Here is the cover, designed by Sarah Schulte, artwork by Malachi Lily.

Author Sulaiman Addonia: “For centuries, writers and artists have been encouraged to embrace subtlety. While this may have led to great art, it might also have limited creative expression. The Seers breaks away from this tradition, showcasing exuberance instead of restraint. So when Malachi Lily, the designer of the artwork, asked if I was comfortable with sex and sexuality being depicted on the cover, I immediately responded with a resounding yes.

I was overjoyed when I saw the cover, and even more pleasantly surprised when I was told that the Coffee House Press staff loved it. Throughout my career, I have always asked publishers for bold covers that convey the audacity and playfulness of my characters. This was the first time I felt my dream had come true.

I have been influenced by feminist artists who have sought to subvert the male gaze, particularly the surrealist artist Leonor Fini. Her paintings depict men embracing their feminine side and displaying their beauty. I am reminded of her work when I see Malachi Lily’s design, which shows a man defying stereotypes, freely expressing his desires, being vulnerable with his female partner, and opening his body to her hunger.”

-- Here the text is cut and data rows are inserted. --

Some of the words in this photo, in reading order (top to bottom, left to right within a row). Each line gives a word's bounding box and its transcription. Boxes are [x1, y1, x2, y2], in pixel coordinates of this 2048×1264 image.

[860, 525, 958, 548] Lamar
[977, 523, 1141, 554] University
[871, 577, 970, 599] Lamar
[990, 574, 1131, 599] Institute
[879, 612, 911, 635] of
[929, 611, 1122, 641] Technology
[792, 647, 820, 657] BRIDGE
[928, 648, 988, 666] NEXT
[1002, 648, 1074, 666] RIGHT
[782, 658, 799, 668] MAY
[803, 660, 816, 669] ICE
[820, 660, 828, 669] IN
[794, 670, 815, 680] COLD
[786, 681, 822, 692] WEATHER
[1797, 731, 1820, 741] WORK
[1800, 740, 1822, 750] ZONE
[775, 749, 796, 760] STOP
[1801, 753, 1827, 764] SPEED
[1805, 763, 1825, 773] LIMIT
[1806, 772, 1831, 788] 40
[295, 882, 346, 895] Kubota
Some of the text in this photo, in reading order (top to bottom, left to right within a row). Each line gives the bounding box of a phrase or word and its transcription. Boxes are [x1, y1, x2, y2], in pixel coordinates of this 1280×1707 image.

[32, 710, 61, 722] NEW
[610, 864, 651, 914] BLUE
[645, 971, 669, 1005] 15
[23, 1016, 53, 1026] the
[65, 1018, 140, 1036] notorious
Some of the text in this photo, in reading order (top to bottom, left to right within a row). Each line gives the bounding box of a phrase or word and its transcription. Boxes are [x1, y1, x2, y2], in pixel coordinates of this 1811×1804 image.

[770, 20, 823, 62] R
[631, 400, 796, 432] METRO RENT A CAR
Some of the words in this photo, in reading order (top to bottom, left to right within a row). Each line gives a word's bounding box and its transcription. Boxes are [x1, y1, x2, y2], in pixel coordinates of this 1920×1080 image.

Artist Malachi Lily: “I was enraptured by the story’s roiling container of a fuck, and I wanted to highlight Hannah topping her friend O.B.B. in the park. Hannah’s hand, firm-potent-hungry, exposes the vulnerable offering of O.B.B., who is bursting into a garden in her presence. This bursting is beautiful but painful as thorns and blooms weave through the skin. The flowers are roses (the national flower of England), gerberas (the national flower of Eritrea), and different species of nightshade flowers that are common in Eritrea. Flowers like the Devil’s Trumpet and Solanum incanum are very poisonous; they are beauty encapsulating death, and have some hallucinogenic properties and associations with witches.

I always do divination readings for my work, and I received cards emphasizing this story and cover’s relationship to fire. The story burns, eating itself from the inside out. While looking for reference images, I sought color palettes and value structures focused on heat, intensity, shadow, and light.

By choosing an intense color palette and contrast, as well as filling the image with floral information, I intentionally and playfully distorted and obscured the salacious activity/the submission/the ass splitting into a flower on this cover, drawing people in to want to know more…and ensuring this erotic masterpiece of a novel is not immediately banned.

I’ve been a mixed-media artist for a while. Yet, this piece catalyzed my relationship with charcoal and graphite into something more raw and physical, matching the visceral quality of the story. I used a sharp 7H pencil to carve into the paper, like etching, and the charcoal acted like ink over a linocut or woodblock print. I will be taking this carving technique forward into my work.”